Who had launched that projectile? And from where?

It occurred to him then that screaming like a madman hadn’t been his best idea.

He heard a gunshot, and a bullet whistled past him. Jaime hit the deck and crawled between two shipping containers. He could make out the sound of a firefight in the direction of the stern. He assumed Amatriaín was trying to keep their attackers at bay until reinforcements arrived.

When the shooting stopped, he feared the worst. Their assailants might have abandoned ship, an outcome that would warrant another seafood feast. But they could just as easily have killed, wounded, or captured Amatriaín, and Jaime knew that if they had, he would soon meet the same fate.

How had he ended up in this situation? He was just a journalist who wrote about art!

It was a question he’d been asking himself for far too many years.

He was torn between the desire to stay hidden and an impulse to jump overboard. Neither seemed like a good idea. If he stayed put, he would become one of the hostages. If he jumped, he’d be abandoning his colleagues like a yellow-bellied rat.

He decided to jump. If he was lucky he could reach the shore undetected and get help.

Before he got to the gunwale, he came across a body. To his relief, it wasn’t Amatriaín’s, but that of a heavily built man dressed in commando gear. Jaime found it reassuring that the EHU officer had eliminated at least one of their adversaries. A pistol lay nearby. Jaime picked it up. Its weight in his hand made him feel more confident, though given his marksmanship, he knew he’d be better off avoiding an encounter with a living enemy.

He climbed down to the hold and aimed at the door lock, but the sound of creaking timber startled him before he could shoot. Unable to see through the darkness and smoke, he aimed blindly down the passageway. All he could hear was the beating of his heart.

But he could tell someone was there.

Driven by some survival instinct, he lifted the pistol the way Roberto had taught him—arms outstretched, knees bent—and pressed the trigger. It was virtually impossible to miss in such tight quarters—but still that’s what he did. The sound of footsteps grew louder. He fired again, but this time the pistol made only a metallic click. He was cornered, and he’d run out of bullets. Behind him was the locked hold door, and in front of him, an armed man drawing closer. There was no point in resisting; the ship had left port and soon they’d be on a course to Salamina.
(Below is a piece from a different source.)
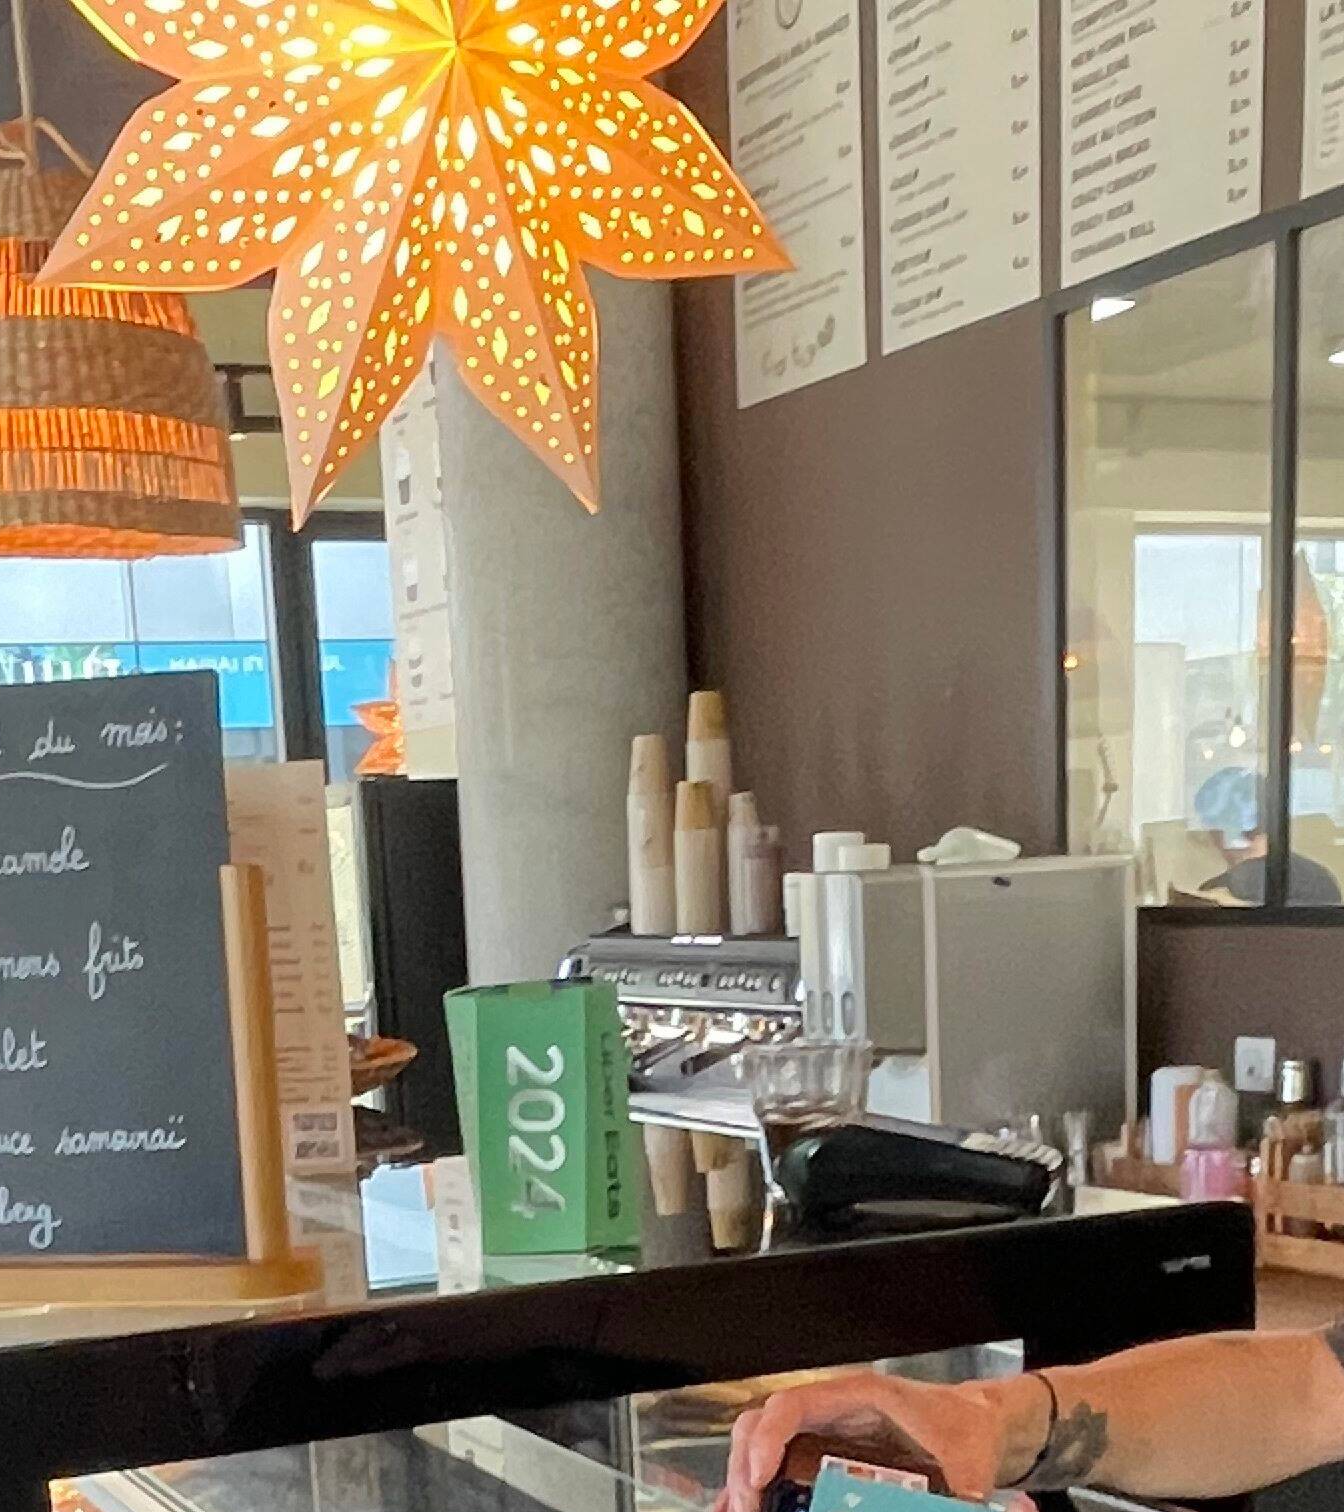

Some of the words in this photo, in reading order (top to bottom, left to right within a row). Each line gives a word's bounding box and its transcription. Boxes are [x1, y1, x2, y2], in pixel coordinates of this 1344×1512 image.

Jaime could smell gunpowder. A silhouette appeared through the smoke. The figure, dressed entirely in black and wearing a face mask, signaled to him to walk out in front.

Reluctantly, Jaime let the masked man direct him to the deck with an assault rifle. Along the port gunwale he saw two others holding Amatriaín prisoner. Both wore the same kind of night-vision mask and held the same rifle as his captor.

What was happening? This reminded him of the video games he played from time to time with Roberto.

“They’re pirates,” Amatriaín said through clenched teeth. “They want the freighter and all its cargo.”

Jaime turned and looked at his captor, trying unsuccessfully to make out some feature of the man’s face. Neither he nor the other two men said anything. They must have been trained to remain silent, and they were doing a pretty good job of it.

“What have you done with the crew and our colleagues? Did you kill them like you did the port police?” said Amatriaín.

The absence of a reply infuriated him. His eyes blazed. “I demand to know what you’re going to do with us and where you’re taking this ship!”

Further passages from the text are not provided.